I'm actually paralleling my journey with journeys of other people from the Bible who also had a battle of integrity. I'll tell a story about when I had to lean into integrity and why that's so much more important than just getting success. Success without integrity: [that’s] not going to be sustainable. It's like, "Here's my journey on an integrity moment that was in question. And then here's somebody else in the Bible who also was challenged. And look at how it turned out for both of us."
A lot of times people find things when they're 85 and on their death bed or after they get a family and it's like, "Well, I guess, God can come into my life now." But for me, I got saved when I was 17 and I developed a really cool friendship with him. And I'm 36 now. I'm like, "Yo, I don't want to wait until 50 to be like, 'Hey God.'" I want to enjoy what that looks like now. And I'm kind of battling against [people saying] "The Bible is outdated," or, ""God or religion is not pertinent or relevant to our lives today.” And I'm like, "I beg to differ."
Yeah, I was aware that you value your faith very deeply. I’ve always wondered—comedian culture as we know it can often be a cynical, non-believing sort of place. It makes me think about what the dynamic is like when you travel in comedian circles. Does it matter?
I think when you meet me, you know three things about me. I say it all the time. I love to laugh and smile. I love God. And I love a good body roll. And I lead with like, "Yo, God is my homeboy." But it's not in a way that's off-putting. It's not in a way that's like, "I can't hang out with you.”
Actually, people have messed up the purity of Christianity. Jesus walked with people that [didn’t believe in him]. I'm very confident in who I am. So, obviously you have to kind of protect your space, like who gets in the inner court, but it's not to be like, "Hey, I'm Christian so thus, you go over there and I can't hang out with you or learn anything new from you or enjoy your company." I think, for me, that's what I like to show. It’s just like, "Yo, faith is actually really inclusive. It's people who mess it up. It's people who shun other people in the name of faith." And I'm like, "That's called the division."
Looking into the future, are you more interested in leaning into comedy or acting, or balancing a combination of both?

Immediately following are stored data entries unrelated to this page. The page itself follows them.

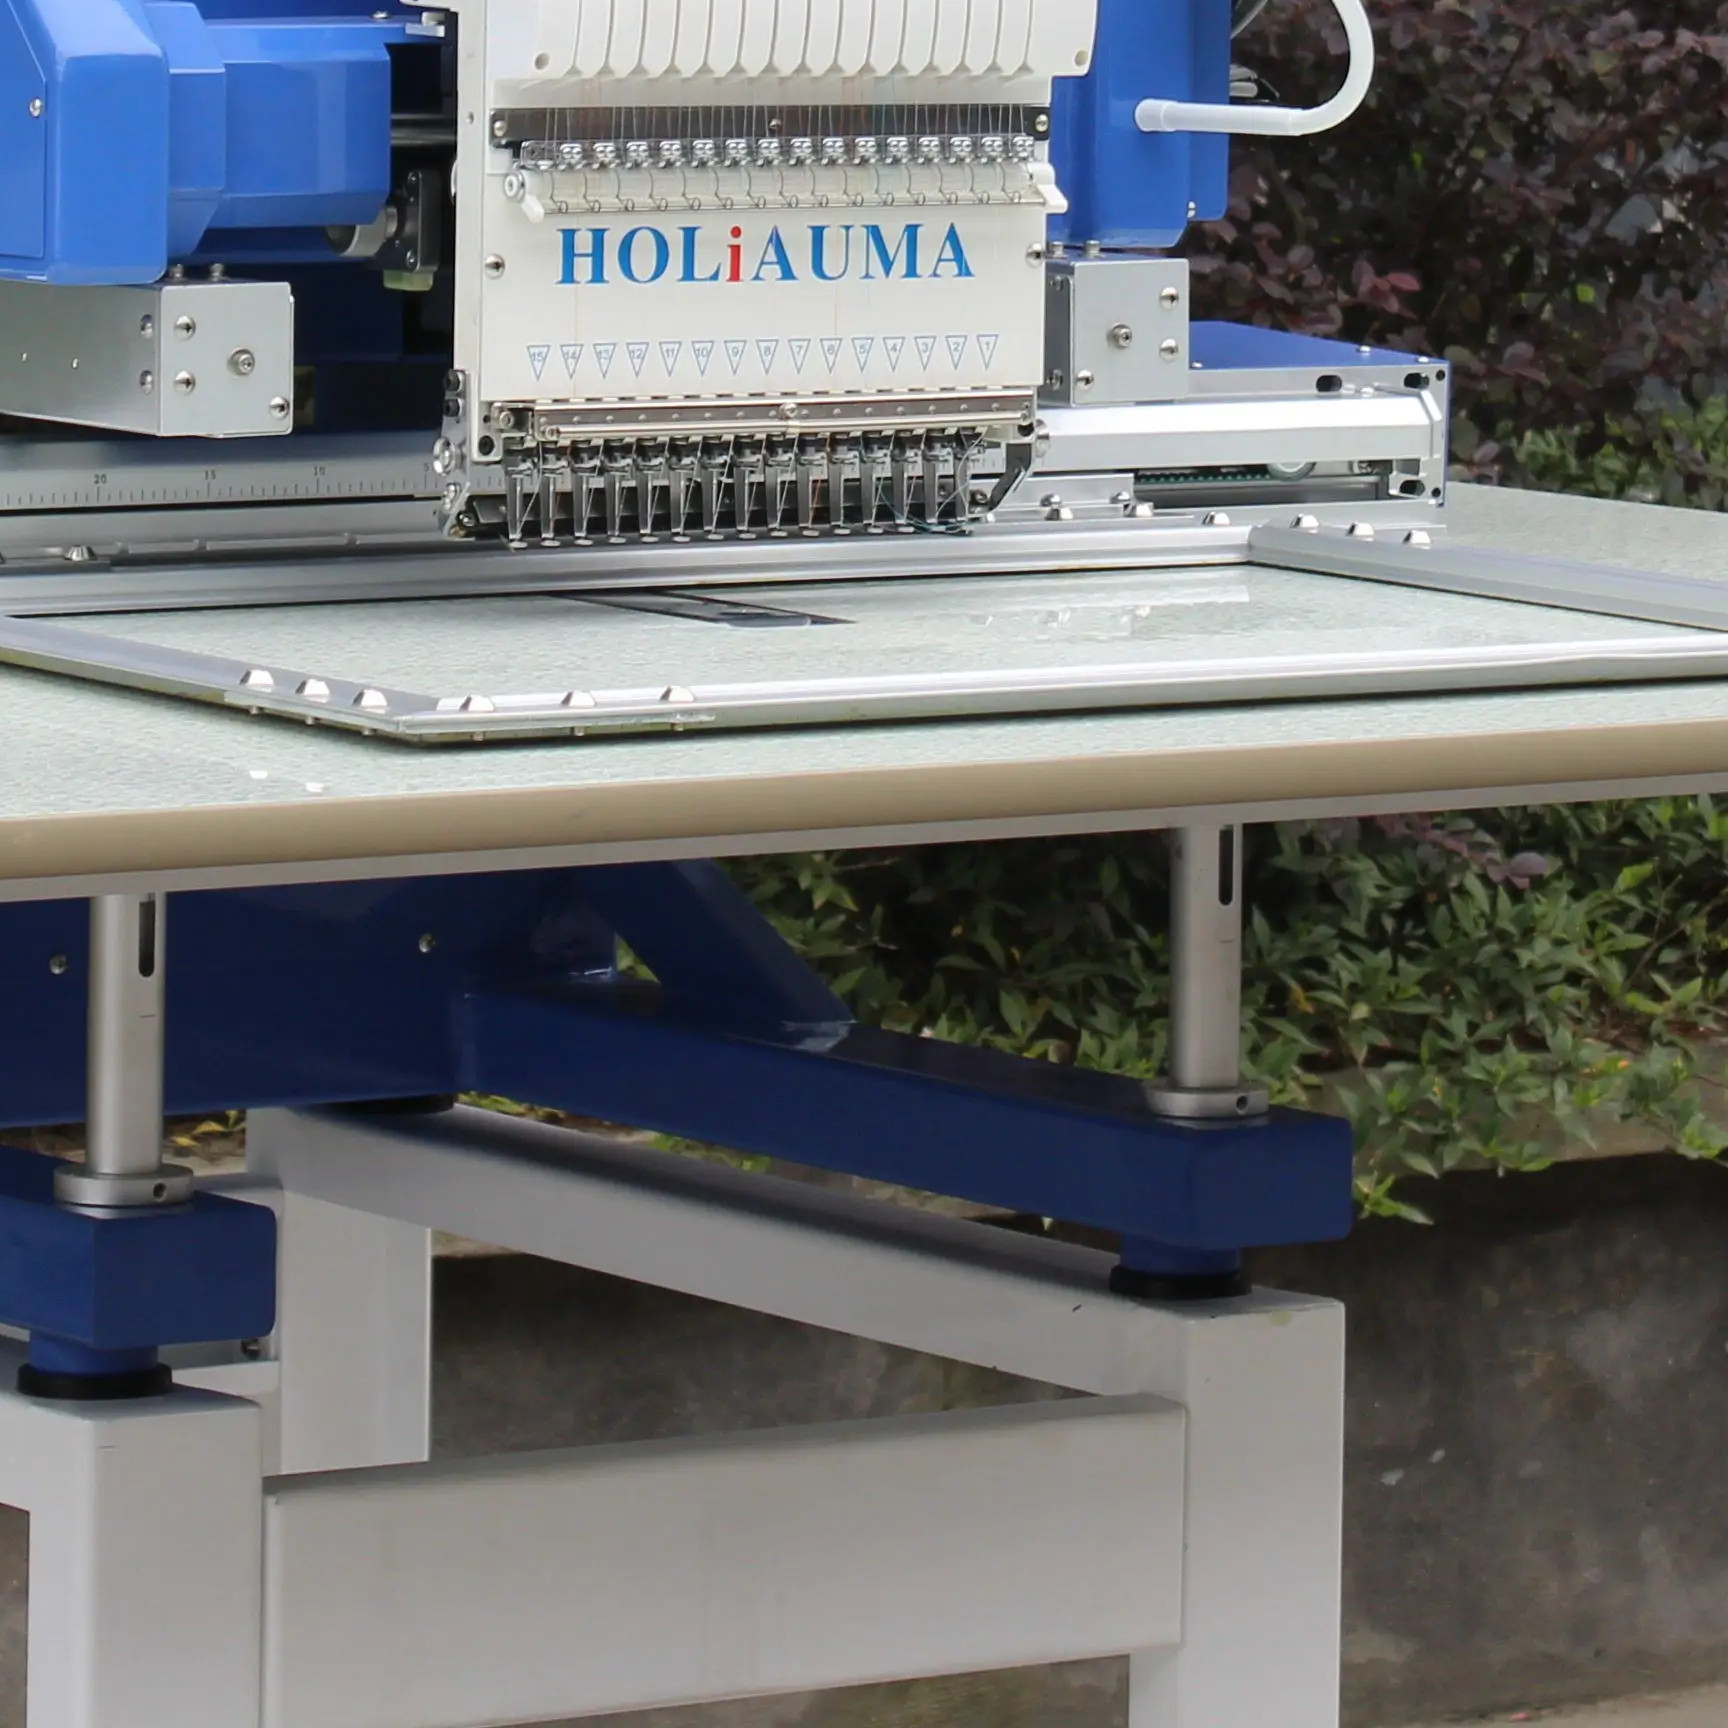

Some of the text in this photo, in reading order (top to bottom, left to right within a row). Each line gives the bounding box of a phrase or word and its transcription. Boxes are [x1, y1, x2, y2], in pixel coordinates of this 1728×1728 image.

[556, 222, 976, 286] HOLiAUMA
[530, 341, 990, 363] 15 14 13 12 11 10 9 8 7 6 5 4 3 2 1
[93, 474, 108, 485] 20
[204, 470, 217, 480] 15
[313, 466, 326, 476] 10

Well, it's funny because after the special, everyone was like, "When's the next one?" I'm like, "Everybody calm down." I was like, "This was not built in five seconds. This took time to curate." It's funny because it's like the thing you enjoy about something, you enjoy it because there was attention to detail that was paid.
I think we're also in a place where I don't know what comedy looks like or acting, for that matter, looks like right now because, when are we going to be allowed to act again? Are we going to be able to gather again in groups of 300 to 3,000?

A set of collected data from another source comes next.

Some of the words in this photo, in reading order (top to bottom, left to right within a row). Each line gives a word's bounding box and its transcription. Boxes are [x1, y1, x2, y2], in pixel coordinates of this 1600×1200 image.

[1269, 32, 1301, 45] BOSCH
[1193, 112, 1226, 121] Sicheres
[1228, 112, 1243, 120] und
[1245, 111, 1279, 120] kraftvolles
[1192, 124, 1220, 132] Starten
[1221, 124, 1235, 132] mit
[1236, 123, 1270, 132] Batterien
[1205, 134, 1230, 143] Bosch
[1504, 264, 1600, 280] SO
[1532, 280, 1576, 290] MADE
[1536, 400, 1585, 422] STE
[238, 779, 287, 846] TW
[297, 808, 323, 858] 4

I don't know what either one of these mediums look like, but comedy is definitely one of those things that you don't dispose of because it allows people to get to know the you that you are. A character is a character. And some characters are amazing. And I'm grateful to play one that I enjoy and also learn from. But I'm so grateful, after the special, that people really got to know a little bit more about the person I am, the person behind the character. So, I think it's a two-hander. You work both of them.